- **PROBLEM STATEMENT**:
Before copying, set the images aside; then transcribe every entry below exactly.

- **RECORDS SHOWN**:
━━━━━━━━━━━━━━━━━━━━━━━━━━━━━━
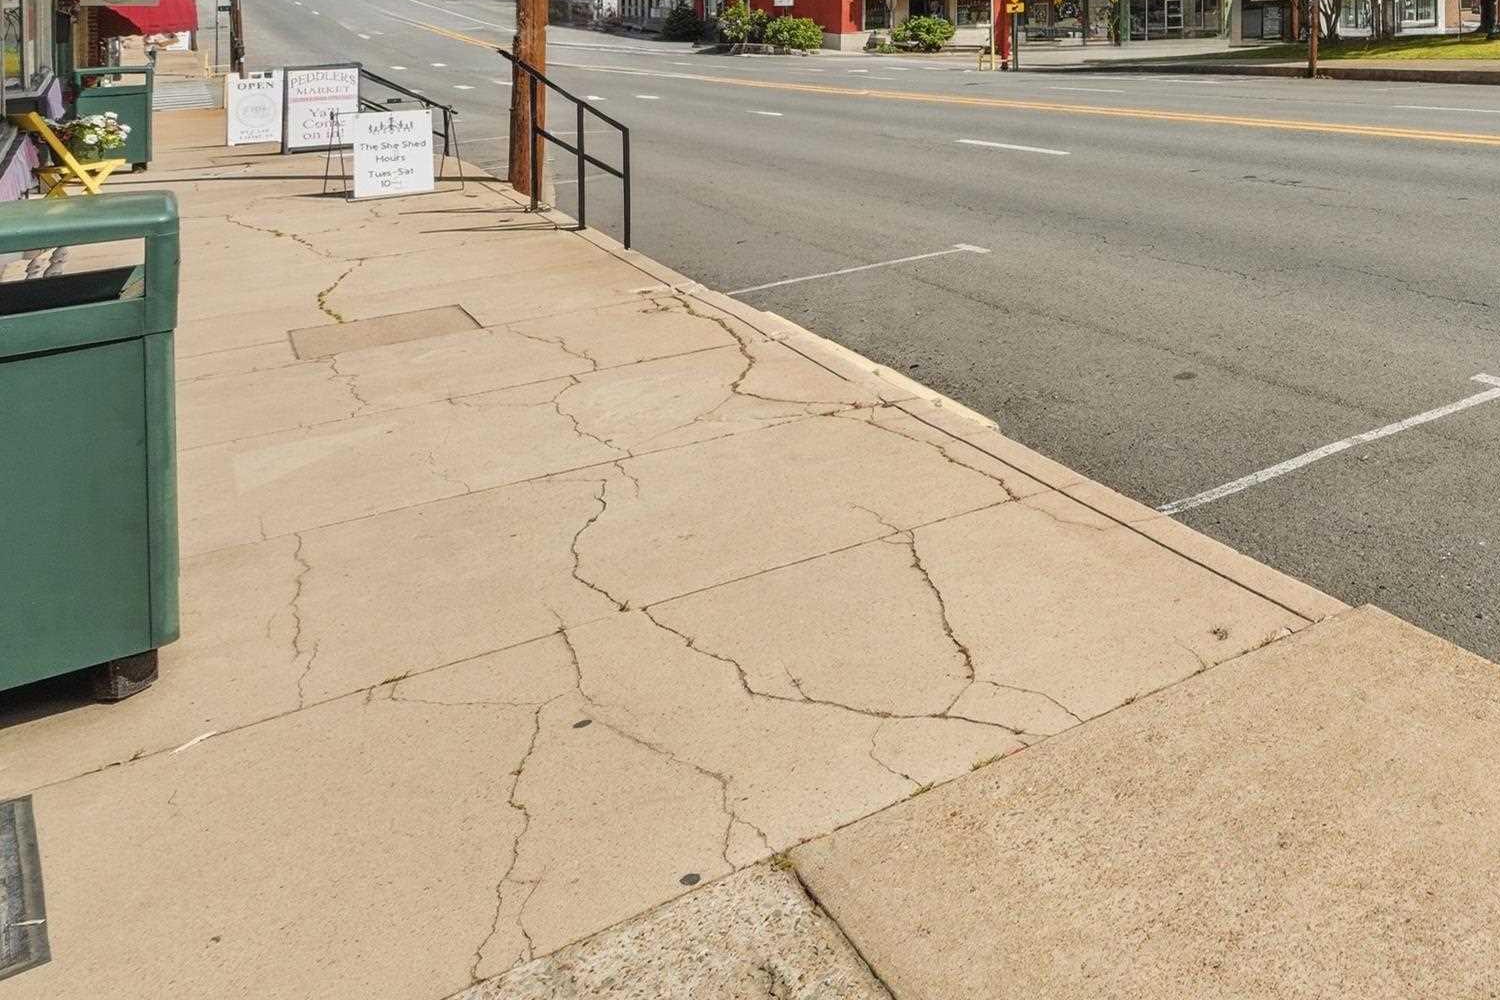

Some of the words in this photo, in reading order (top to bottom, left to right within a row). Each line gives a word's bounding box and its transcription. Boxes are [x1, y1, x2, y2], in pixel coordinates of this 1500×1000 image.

[290, 71, 356, 88] PEDDLERS
[237, 81, 274, 90] OPEN
[296, 85, 350, 96] MARKET
[361, 143, 379, 153] The
[380, 141, 400, 151] She
[401, 140, 427, 149] Shed
[376, 154, 406, 163] Hours
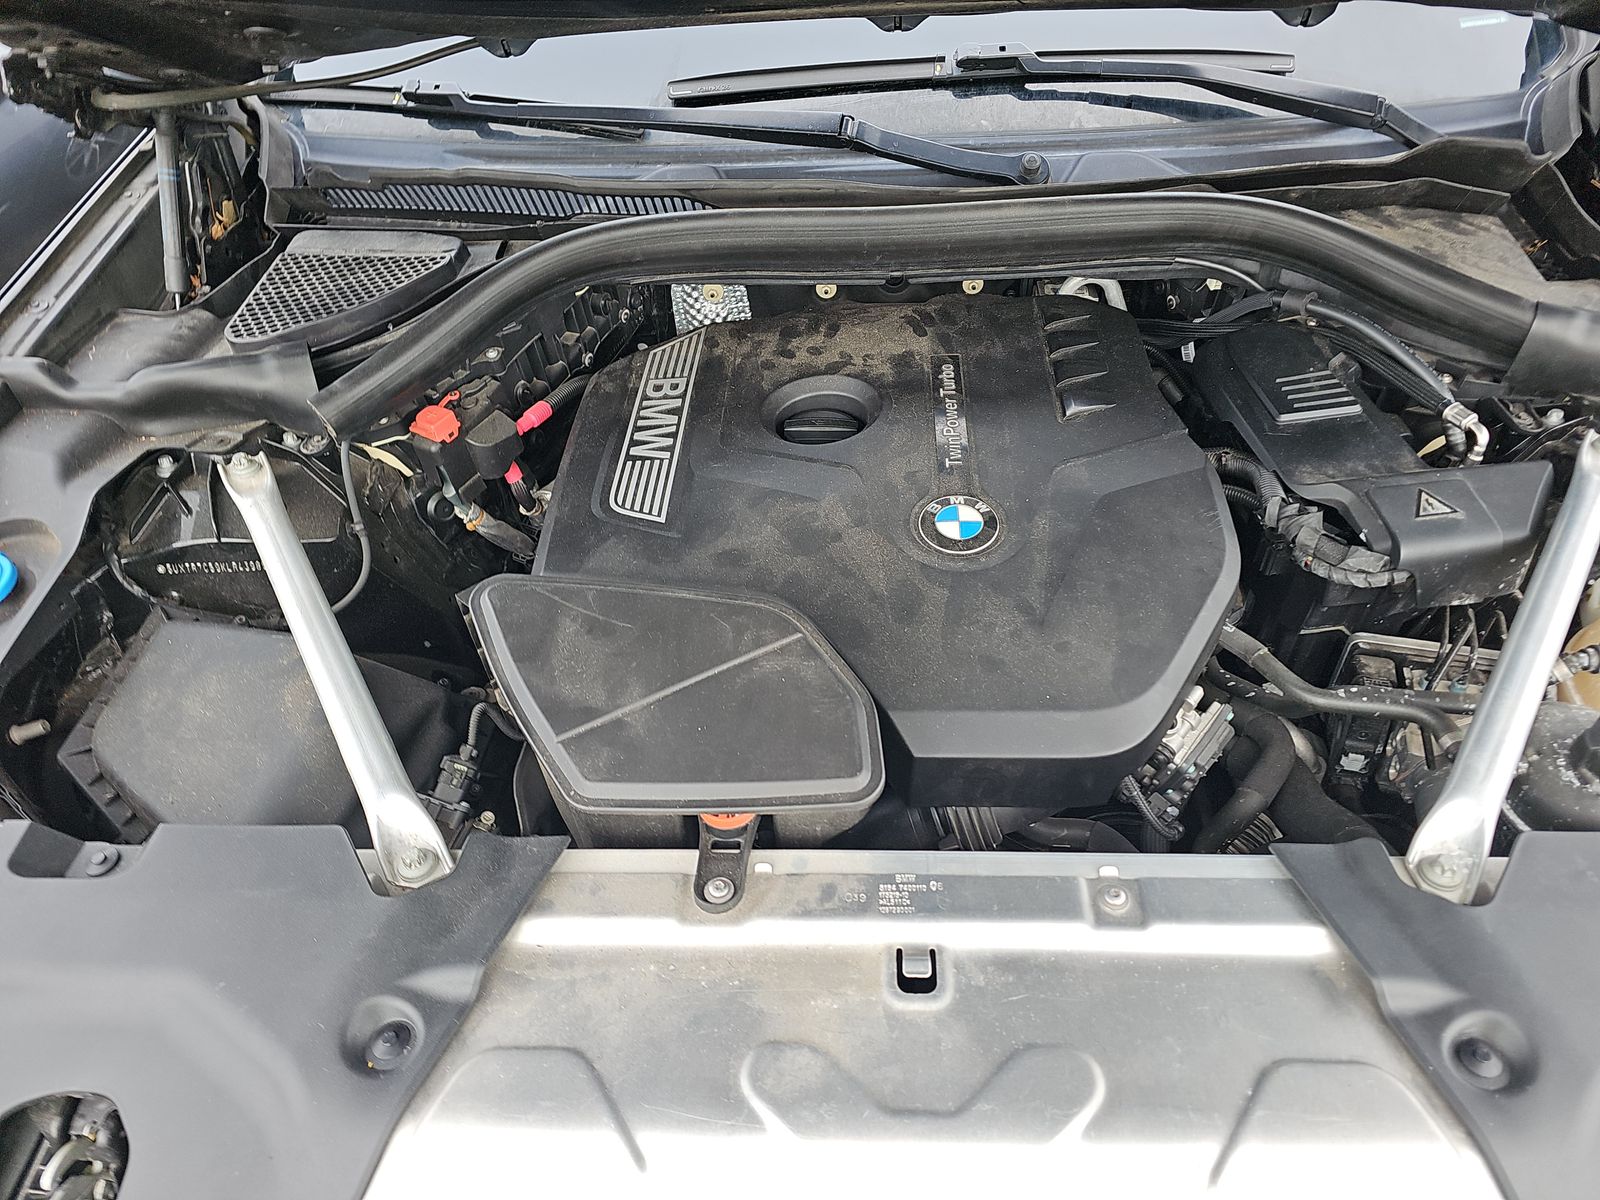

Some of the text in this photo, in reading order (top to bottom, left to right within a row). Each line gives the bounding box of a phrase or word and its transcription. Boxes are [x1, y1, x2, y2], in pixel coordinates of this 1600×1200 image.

[629, 377, 687, 459] BMW
[939, 363, 963, 468] TwinPower Turbo
[927, 496, 990, 514] BMW
[895, 873, 917, 883] BMW
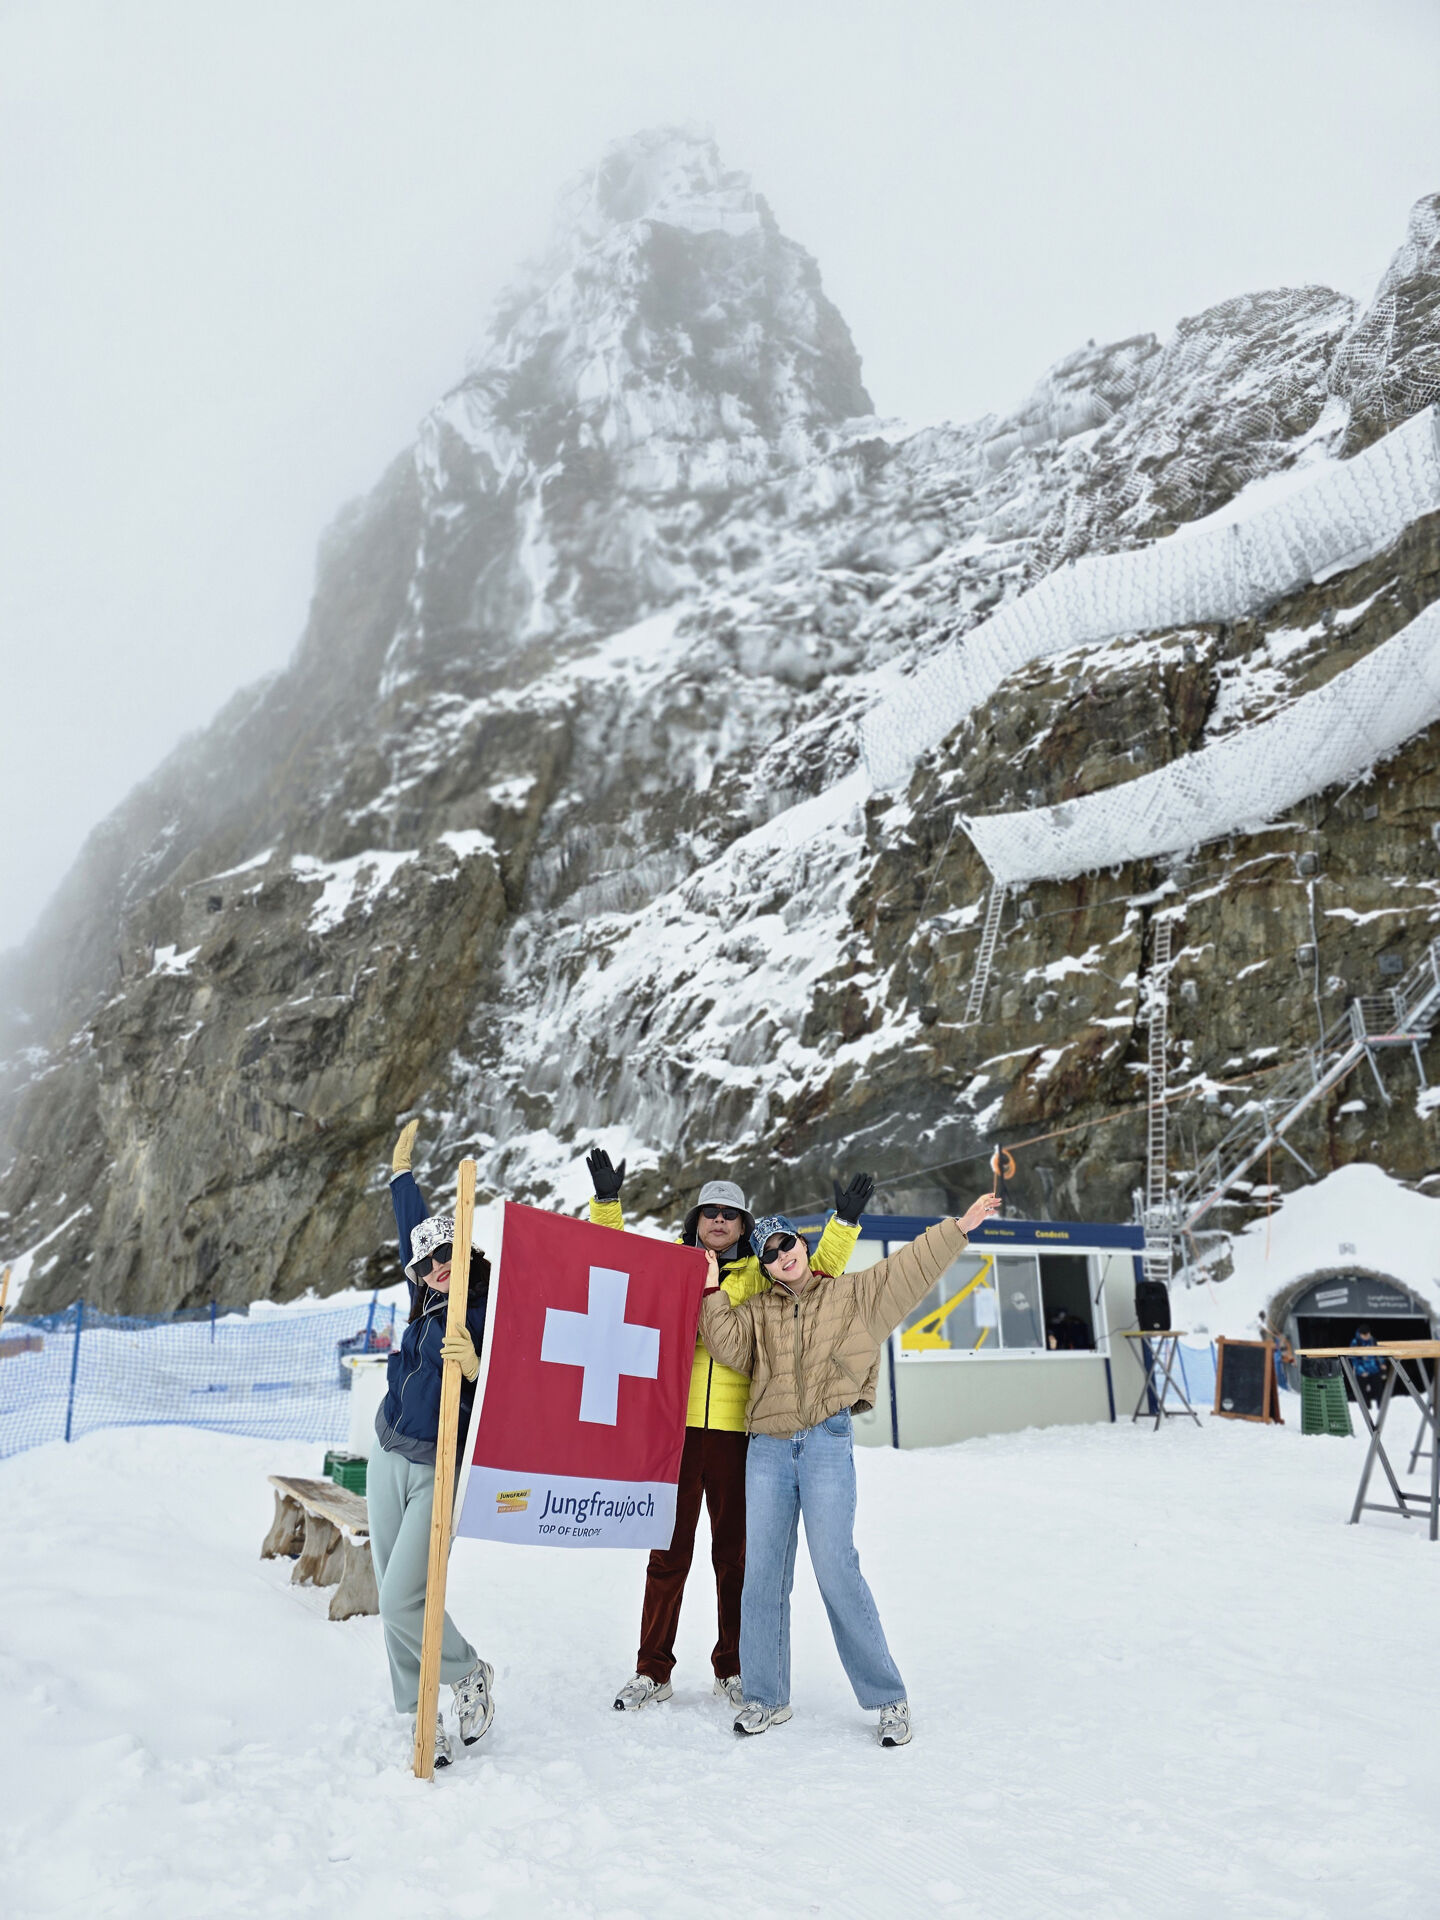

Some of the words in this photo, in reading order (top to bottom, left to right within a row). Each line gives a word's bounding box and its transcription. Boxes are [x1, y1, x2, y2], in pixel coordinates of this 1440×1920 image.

[539, 1490, 655, 1523] Jungfraujoch
[539, 1524, 556, 1534] TOP
[557, 1526, 571, 1535] OF
[572, 1527, 602, 1537] EUROPE
━━━━━━━━━━━━━━━━━━━━━━━━━━━━━━
- **YOUR RESPONSE**:
Some of the words in this photo, in reading order (top to bottom, left to right within a row). Each line gives a word's bounding box and its transcription. Boxes are [x1, y1, x2, y2], in pixel coordinates of this 1500×1000 image.

[290, 71, 356, 88] PEDDLERS
[237, 81, 274, 90] OPEN
[296, 85, 350, 96] MARKET
[361, 143, 379, 153] The
[380, 141, 400, 151] She
[401, 140, 427, 149] Shed
[376, 154, 406, 163] Hours

Some of the text in this photo, in reading order (top to bottom, left to right within a row). Each line gives the bounding box of a phrase or word and its transcription. Boxes are [x1, y1, x2, y2], in pixel coordinates of this 1600×1200 image.

[629, 377, 687, 459] BMW
[939, 363, 963, 468] TwinPower Turbo
[927, 496, 990, 514] BMW
[895, 873, 917, 883] BMW

Some of the words in this photo, in reading order (top to bottom, left to right within a row). Each line gives a word's bounding box and its transcription. Boxes are [x1, y1, x2, y2], in pixel coordinates of this 1440×1920 image.

[539, 1490, 655, 1523] Jungfraujoch
[539, 1524, 556, 1534] TOP
[557, 1526, 571, 1535] OF
[572, 1527, 602, 1537] EUROPE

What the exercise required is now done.